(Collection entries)

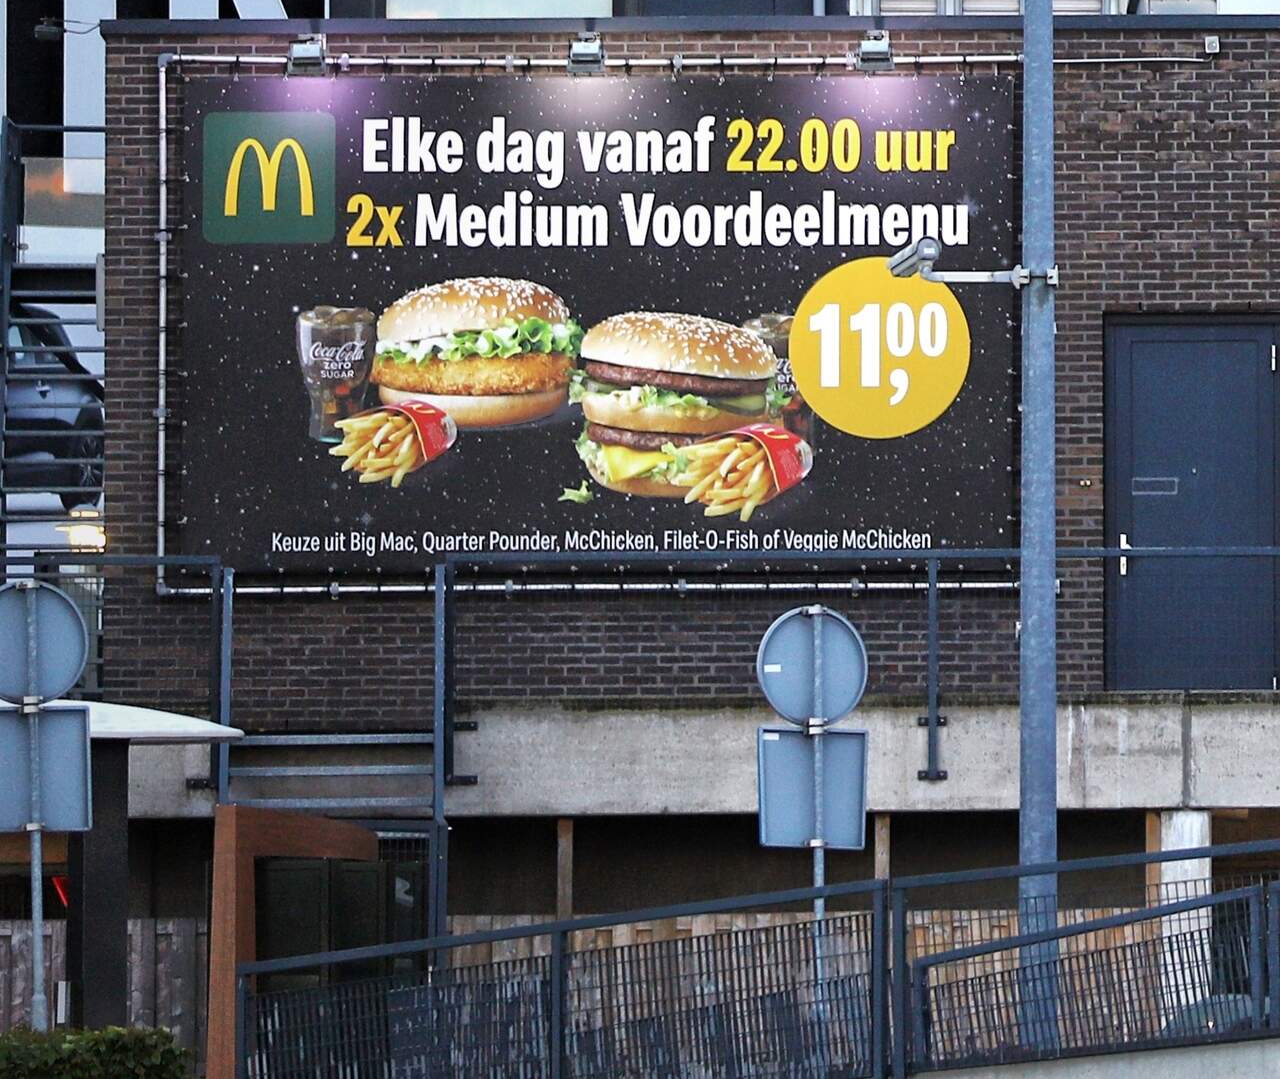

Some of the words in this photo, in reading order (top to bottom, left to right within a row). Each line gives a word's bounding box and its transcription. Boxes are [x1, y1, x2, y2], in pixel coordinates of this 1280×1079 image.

[362, 116, 464, 173] Elke
[475, 116, 565, 189] dag
[577, 115, 716, 173] vanaf
[726, 118, 861, 173] 22.00
[874, 129, 956, 172] uur
[346, 193, 405, 247] 2x
[414, 189, 609, 248] Medium
[620, 189, 970, 248] Voordeelmenu
[271, 531, 320, 552] Keuze
[324, 531, 346, 552] uit
[350, 531, 376, 557] Big
[380, 531, 418, 555] Mac,
[422, 530, 485, 553] Quarter
[489, 530, 561, 553] Pounder,
[565, 529, 659, 553] McChicken,
[663, 529, 759, 551] Filet-O-Fish
[763, 529, 781, 551] of
[783, 529, 839, 552] Veggie
[842, 528, 932, 550] McChicken
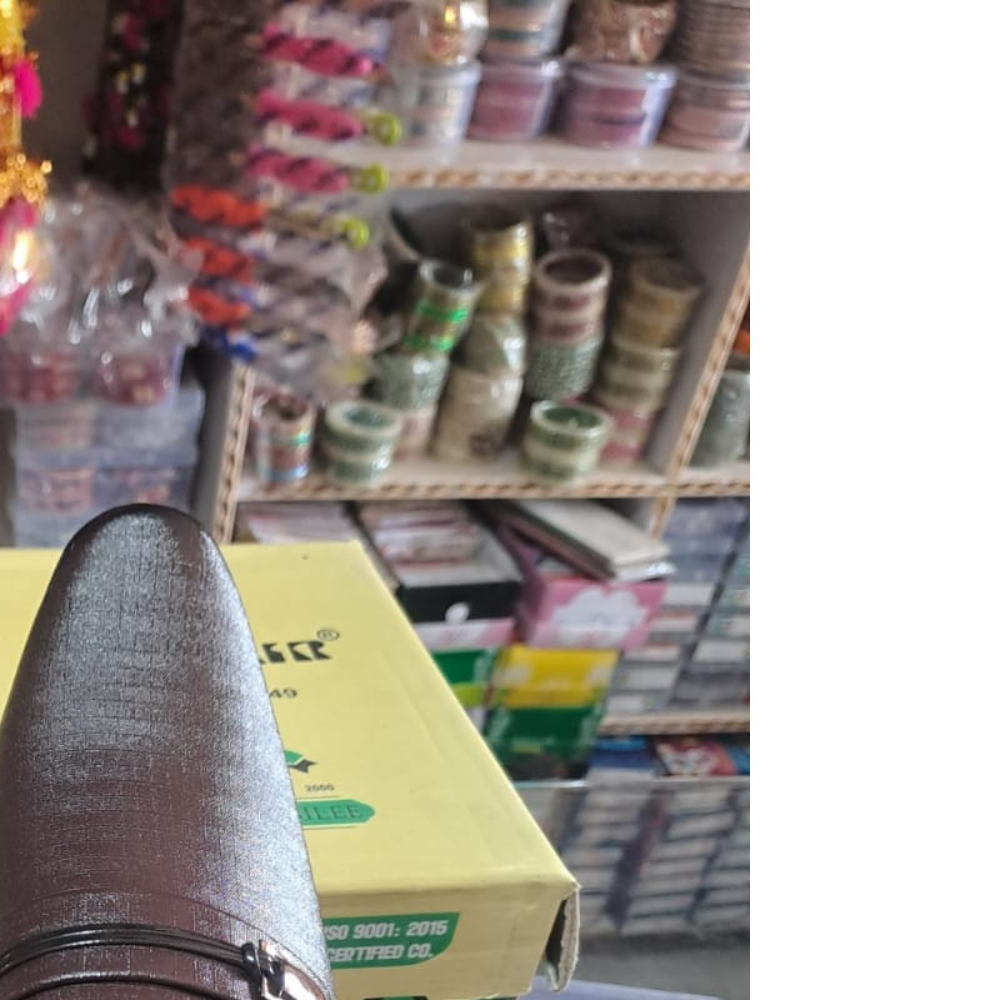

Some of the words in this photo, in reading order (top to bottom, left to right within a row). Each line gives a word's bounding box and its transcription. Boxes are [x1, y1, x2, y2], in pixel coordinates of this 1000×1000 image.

[299, 804, 364, 821] ILEE
[353, 922, 401, 940] 9001:
[405, 919, 449, 937] 2015
[328, 944, 405, 962] CERTIFIED
[407, 942, 434, 959] CO.
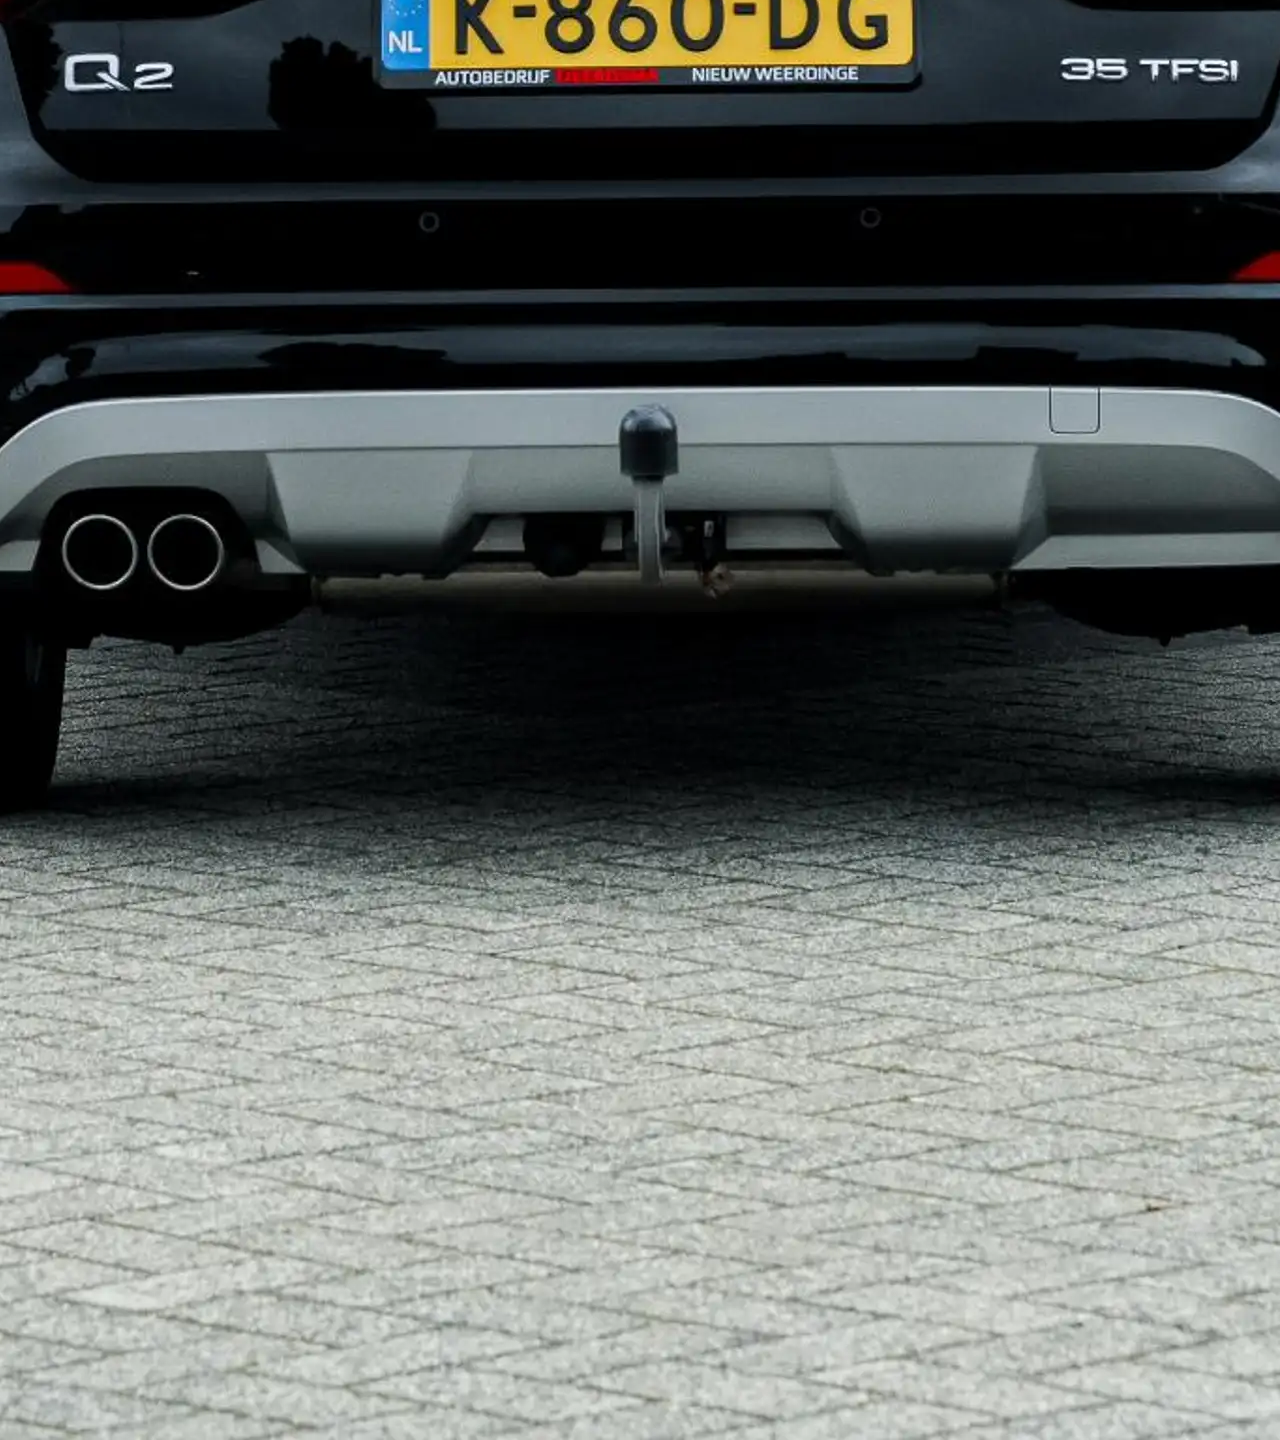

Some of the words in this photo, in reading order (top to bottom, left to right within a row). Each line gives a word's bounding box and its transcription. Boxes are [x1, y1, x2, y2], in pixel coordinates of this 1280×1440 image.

[387, 30, 422, 54] NL
[64, 53, 174, 92] Q2
[691, 66, 753, 84] NIEUW
[754, 65, 859, 84] WEERDINGE
[1060, 57, 1129, 81] 35
[1139, 59, 1240, 83] TFSI

* EXERCISE:
Reproduce every line above exactly, pictures excluded.

* ANSWER SPACE:
Some of the words in this photo, in reading order (top to bottom, left to right within a row). Each line gives a word's bounding box and its transcription. Boxes are [x1, y1, x2, y2], in pixel coordinates of this 1280×1079 image.

[362, 116, 464, 173] Elke
[475, 116, 565, 189] dag
[577, 115, 716, 173] vanaf
[726, 118, 861, 173] 22.00
[874, 129, 956, 172] uur
[346, 193, 405, 247] 2x
[414, 189, 609, 248] Medium
[620, 189, 970, 248] Voordeelmenu
[271, 531, 320, 552] Keuze
[324, 531, 346, 552] uit
[350, 531, 376, 557] Big
[380, 531, 418, 555] Mac,
[422, 530, 485, 553] Quarter
[489, 530, 561, 553] Pounder,
[565, 529, 659, 553] McChicken,
[663, 529, 759, 551] Filet-O-Fish
[763, 529, 781, 551] of
[783, 529, 839, 552] Veggie
[842, 528, 932, 550] McChicken

Some of the words in this photo, in reading order (top to bottom, left to right within a row). Each line gives a word's bounding box and its transcription. Boxes are [x1, y1, x2, y2], in pixel coordinates of this 1000×1000 image.

[299, 804, 364, 821] ILEE
[353, 922, 401, 940] 9001:
[405, 919, 449, 937] 2015
[328, 944, 405, 962] CERTIFIED
[407, 942, 434, 959] CO.

Some of the words in this photo, in reading order (top to bottom, left to right within a row). Each line gives a word's bounding box and its transcription. Boxes are [x1, y1, x2, y2], in pixel coordinates of this 1280×1440 image.

[387, 30, 422, 54] NL
[64, 53, 174, 92] Q2
[691, 66, 753, 84] NIEUW
[754, 65, 859, 84] WEERDINGE
[1060, 57, 1129, 81] 35
[1139, 59, 1240, 83] TFSI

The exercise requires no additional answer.